According to accusations made by Amnesty International in December, the Pegasus spyware instance is still active and is allegedly targeting Indian journalists. According to the non-profit, the malware was installed on the phones of well-known journalists.
Months before Apple sent out a security alert to some iPhone users—including opposition leaders in India—announcing a state-sponsored effort to hack their devices, Amnesty International released its report. The iPhone manufacturer acknowledged at the time that some threat alerts might be false alarms and that certain attacks might go undetected.
Now, Kaspersky researchers have created a simple technique to identify telltale signs of infection from advanced iOS malware, such as Pegasus, Reign, and Predator. The process makes use of shutdown.log analysis, a forensic artefact that has never been studied before.
Do Indian journalists fall prey to Pegasus spyware?
Pegasus infections leave evidence in the systemlog, shutdown, and logs kept within iOS devices’ sysdiagnose archives, according to research by the cybersecurity business.
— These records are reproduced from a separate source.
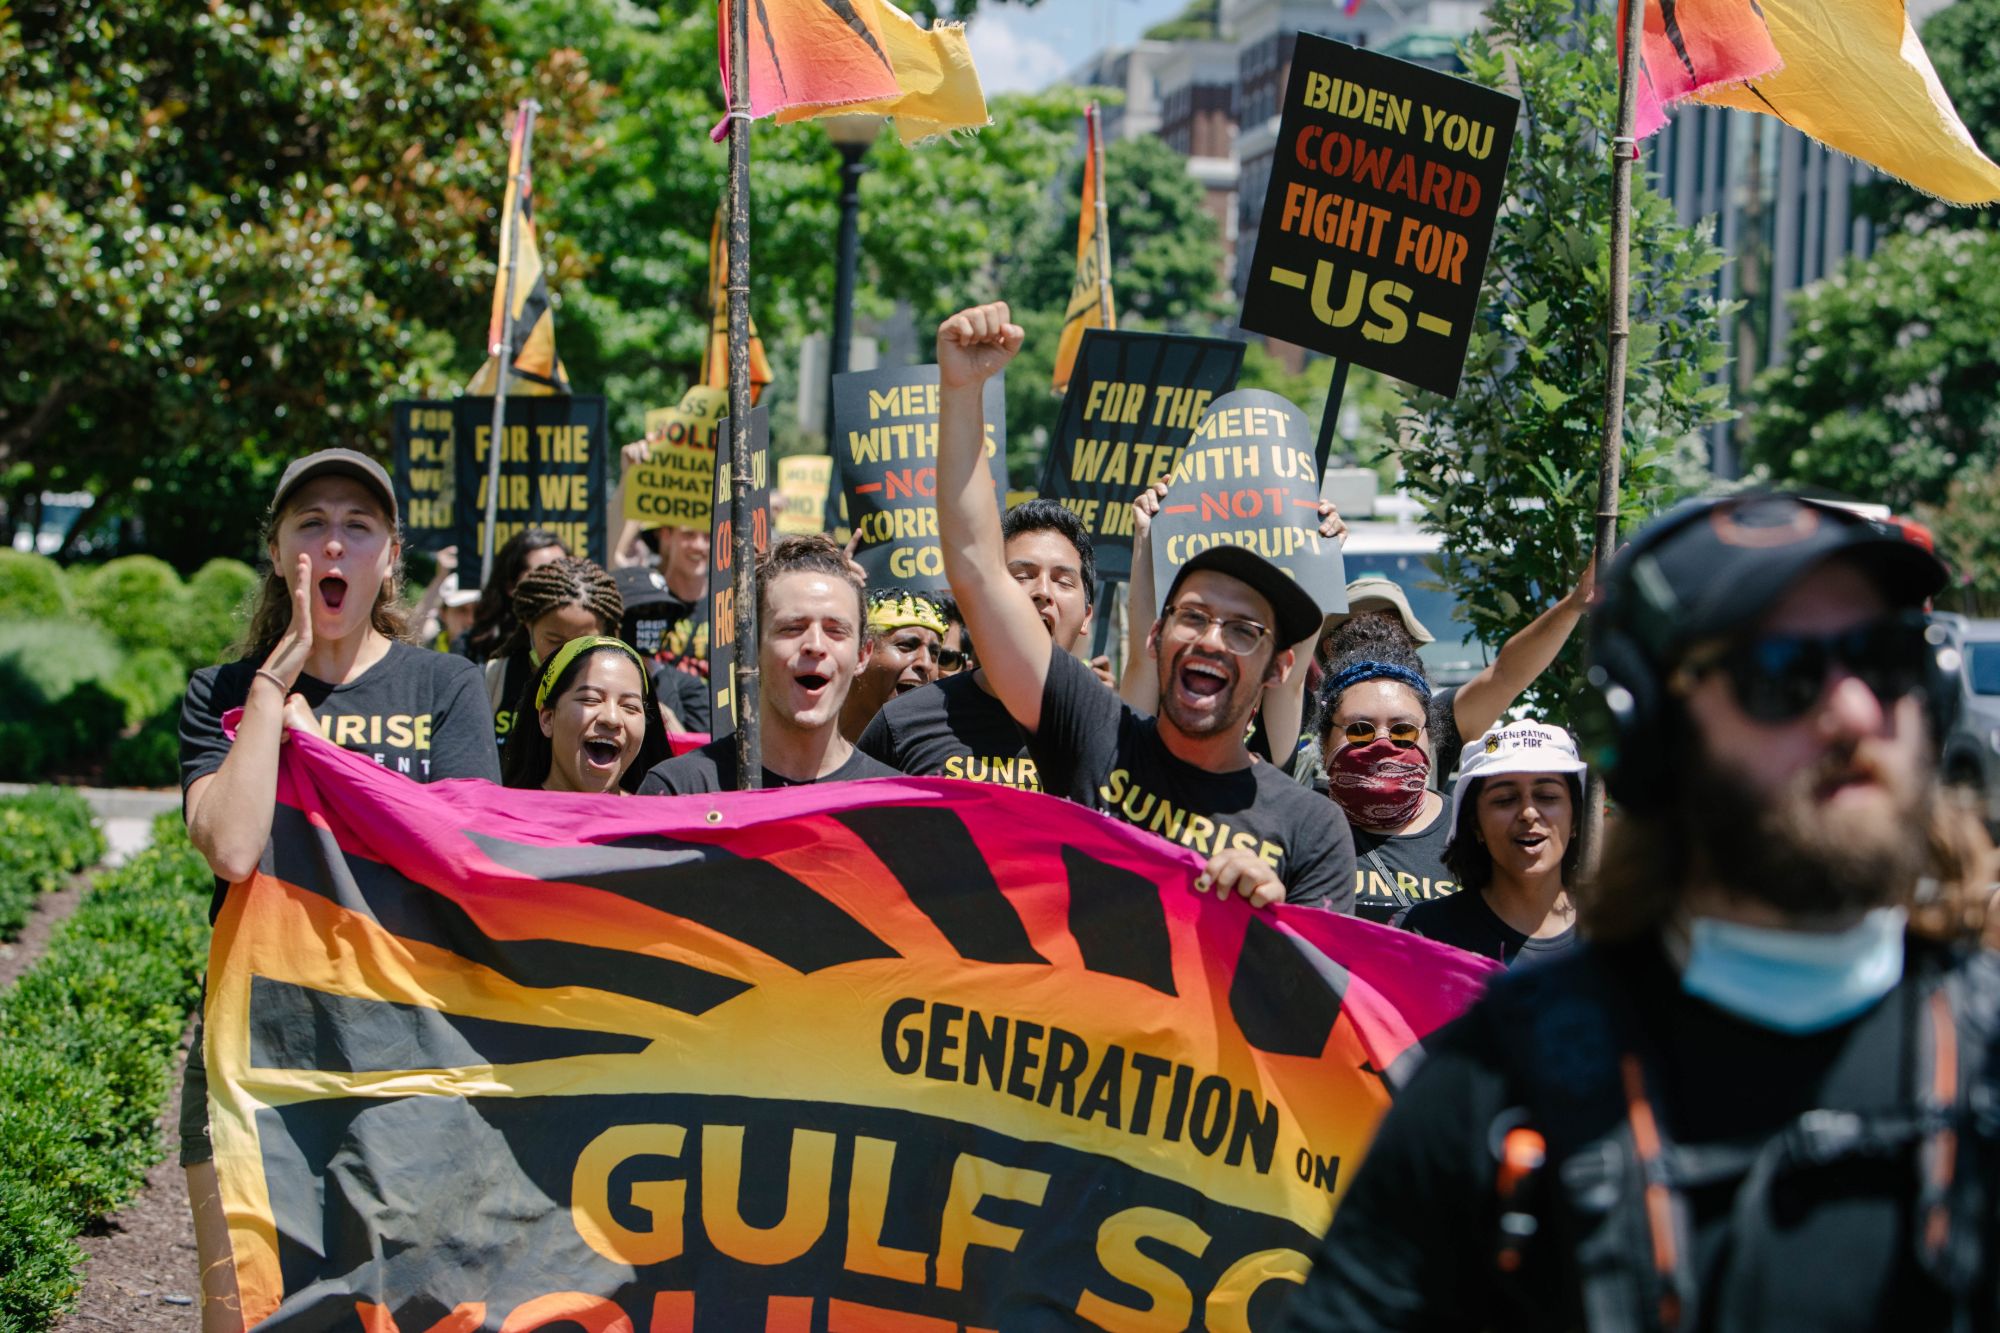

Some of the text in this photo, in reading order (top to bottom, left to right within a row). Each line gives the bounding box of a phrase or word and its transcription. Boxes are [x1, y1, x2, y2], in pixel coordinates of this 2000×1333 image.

[1303, 71, 1495, 160] BIDEN YOU
[1296, 125, 1482, 217] COWARD
[1280, 182, 1469, 285] FIGHT FOR
[868, 384, 940, 420] MEE
[1084, 380, 1213, 429] FOR THE
[536, 425, 589, 463] THE
[1189, 407, 1290, 447] MEET
[1271, 445, 1317, 483] US
[538, 474, 588, 510] WE
[637, 493, 713, 519] CORP
[860, 507, 940, 545] CORR
[1497, 729, 1552, 741] GENERATION
[1523, 739, 1542, 748] FIRE
[881, 997, 1340, 1193] GENERATION ON
[571, 1123, 1051, 1291] GULF
Researchers also discovered that other malware, such as Reign and Predator, travel comparable routes to infect mobile devices and may be able to detect infections linked to these families of malware through analysis of system logs in iOS devices.
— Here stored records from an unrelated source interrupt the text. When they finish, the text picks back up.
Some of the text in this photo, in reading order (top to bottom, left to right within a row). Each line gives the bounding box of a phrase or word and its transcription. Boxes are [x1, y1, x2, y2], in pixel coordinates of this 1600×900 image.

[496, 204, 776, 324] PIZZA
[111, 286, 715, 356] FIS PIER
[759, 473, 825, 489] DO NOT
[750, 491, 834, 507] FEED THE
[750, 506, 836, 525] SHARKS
An additional tool that researchers created to help with shutdown log extraction, analysis, and parsing is a self-check tool for users.
According to a press statement from Kaspersky, users of Linux, Windows, and macOS can access the program, which is openly available on GitHub.
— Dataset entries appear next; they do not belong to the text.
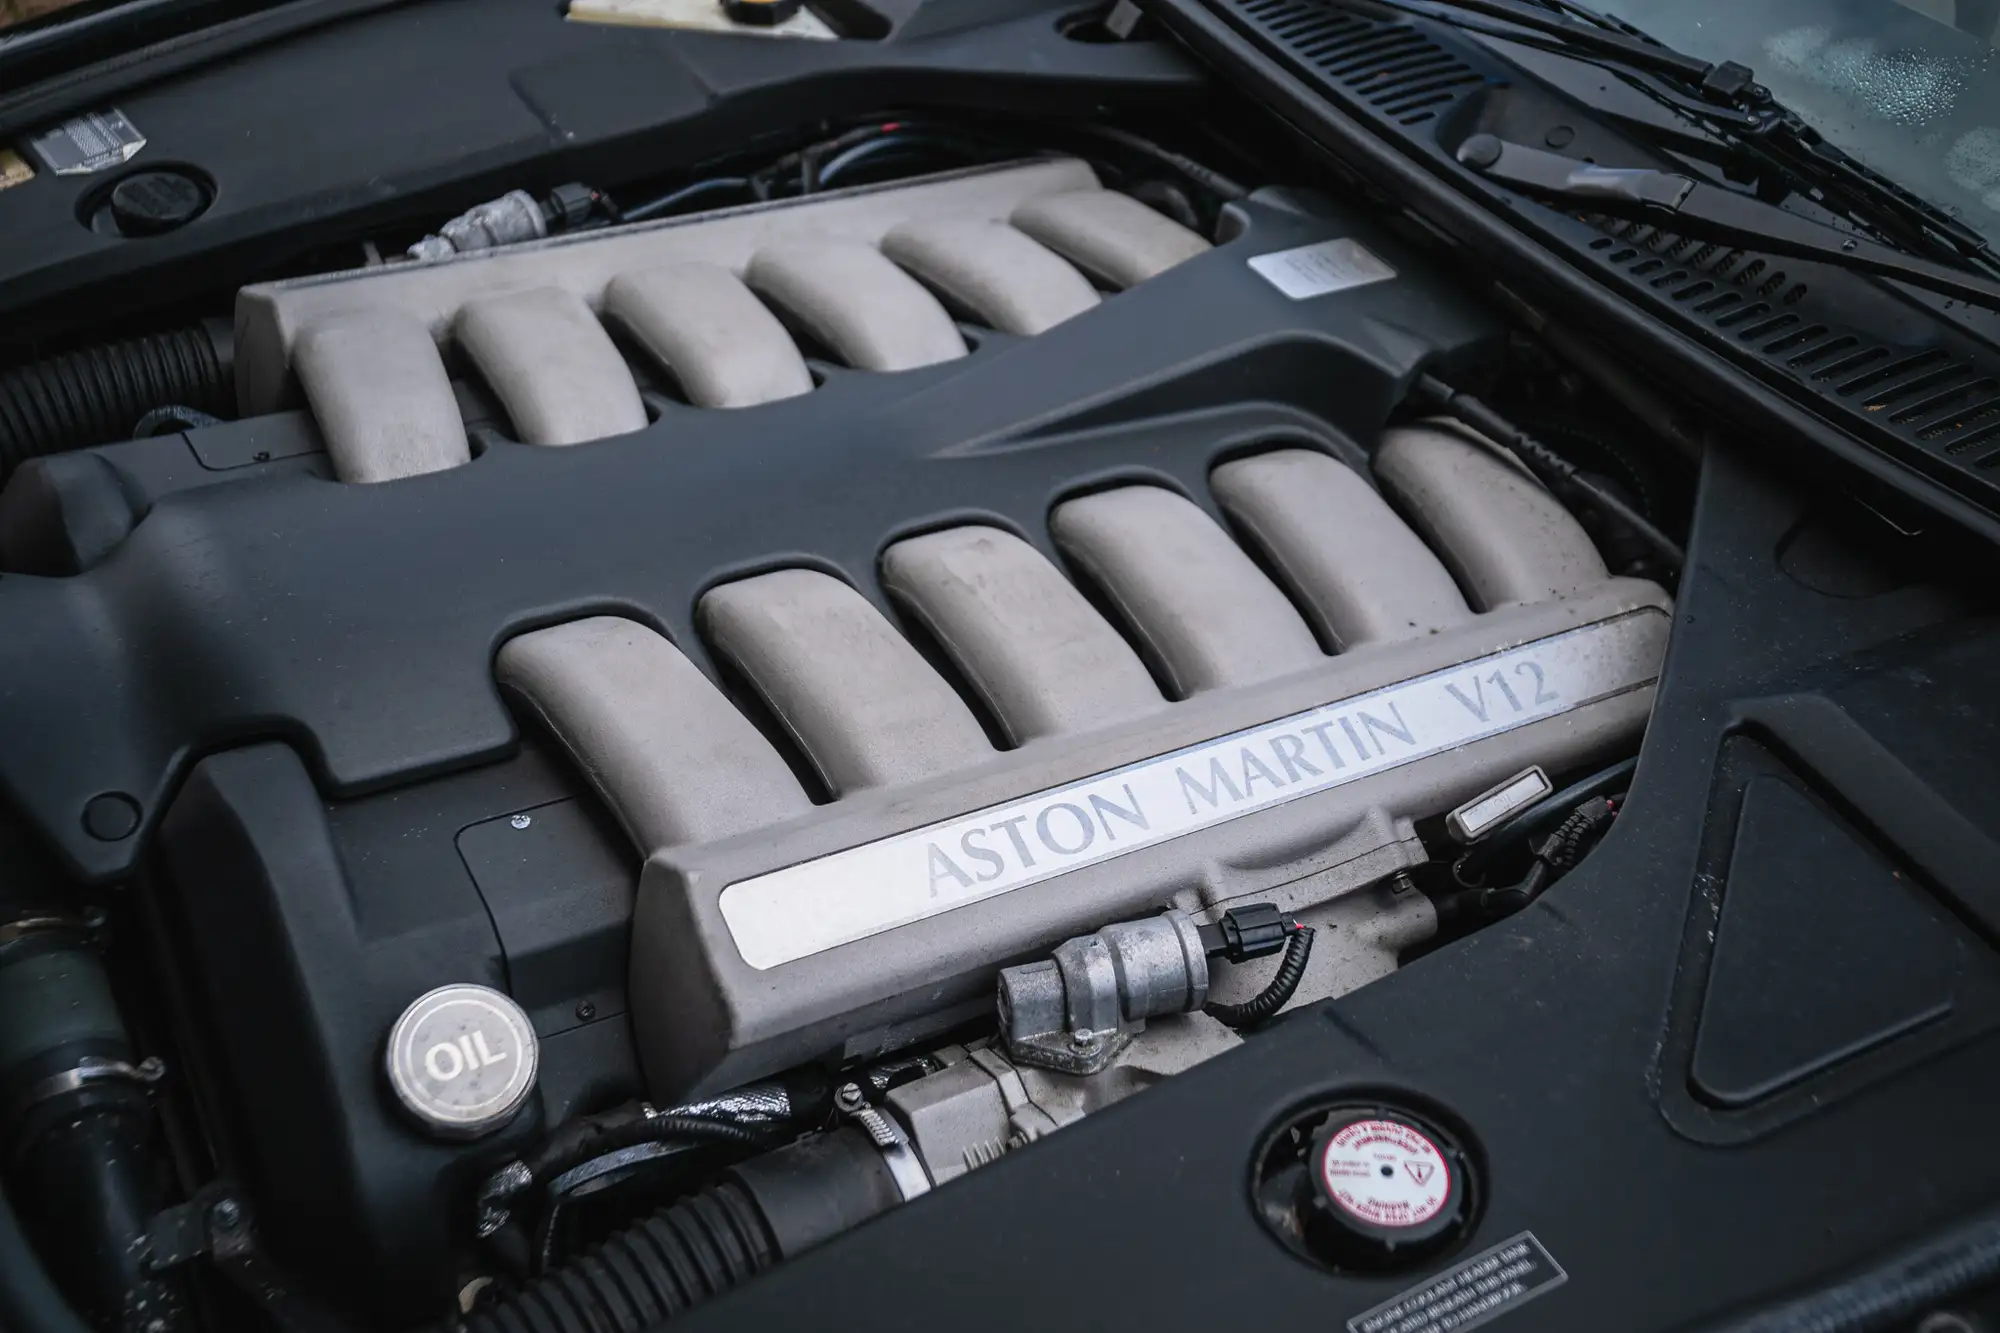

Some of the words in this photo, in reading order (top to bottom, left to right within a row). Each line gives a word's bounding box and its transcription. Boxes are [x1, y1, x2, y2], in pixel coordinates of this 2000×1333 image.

[927, 783, 1151, 898] ASTON
[1174, 701, 1417, 816] MARTIN
[1443, 660, 1561, 724] V12
[425, 1029, 508, 1082] OIL
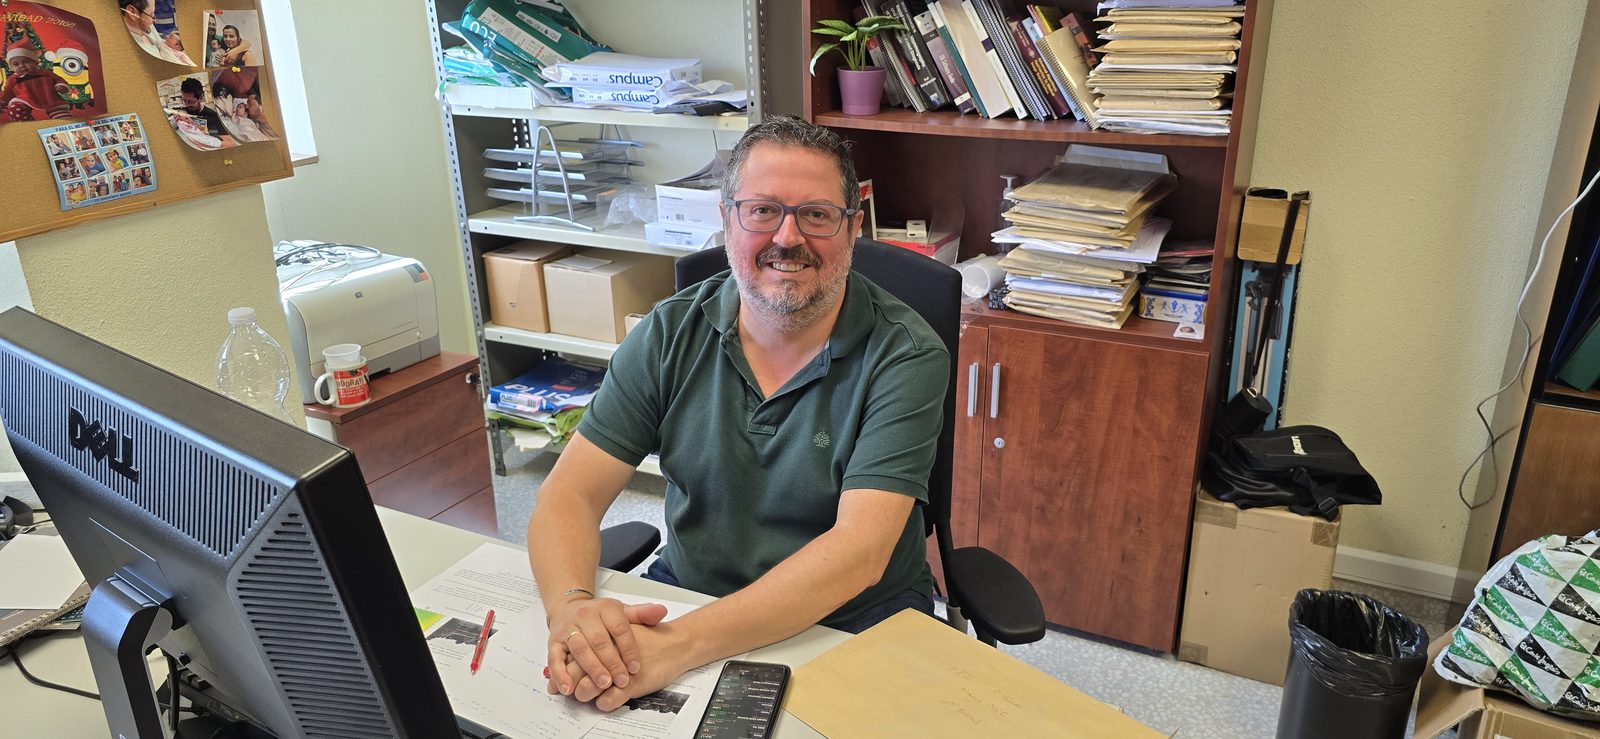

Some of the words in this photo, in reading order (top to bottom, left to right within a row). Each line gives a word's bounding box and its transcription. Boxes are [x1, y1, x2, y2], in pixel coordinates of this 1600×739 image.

Pegasus and other similar spyware frequently rely on zero-click and zero-day exploits without any persistence. Attackers must constantly infect devices because users are encouraged to reboot their gadgets in order to disinfect them. Long-term detection odds are also raised by this.
In addition, users ought to make use of the increased safety modes that come with their devices and make sure they are running the most recent software update that has been sent by the manufacturers.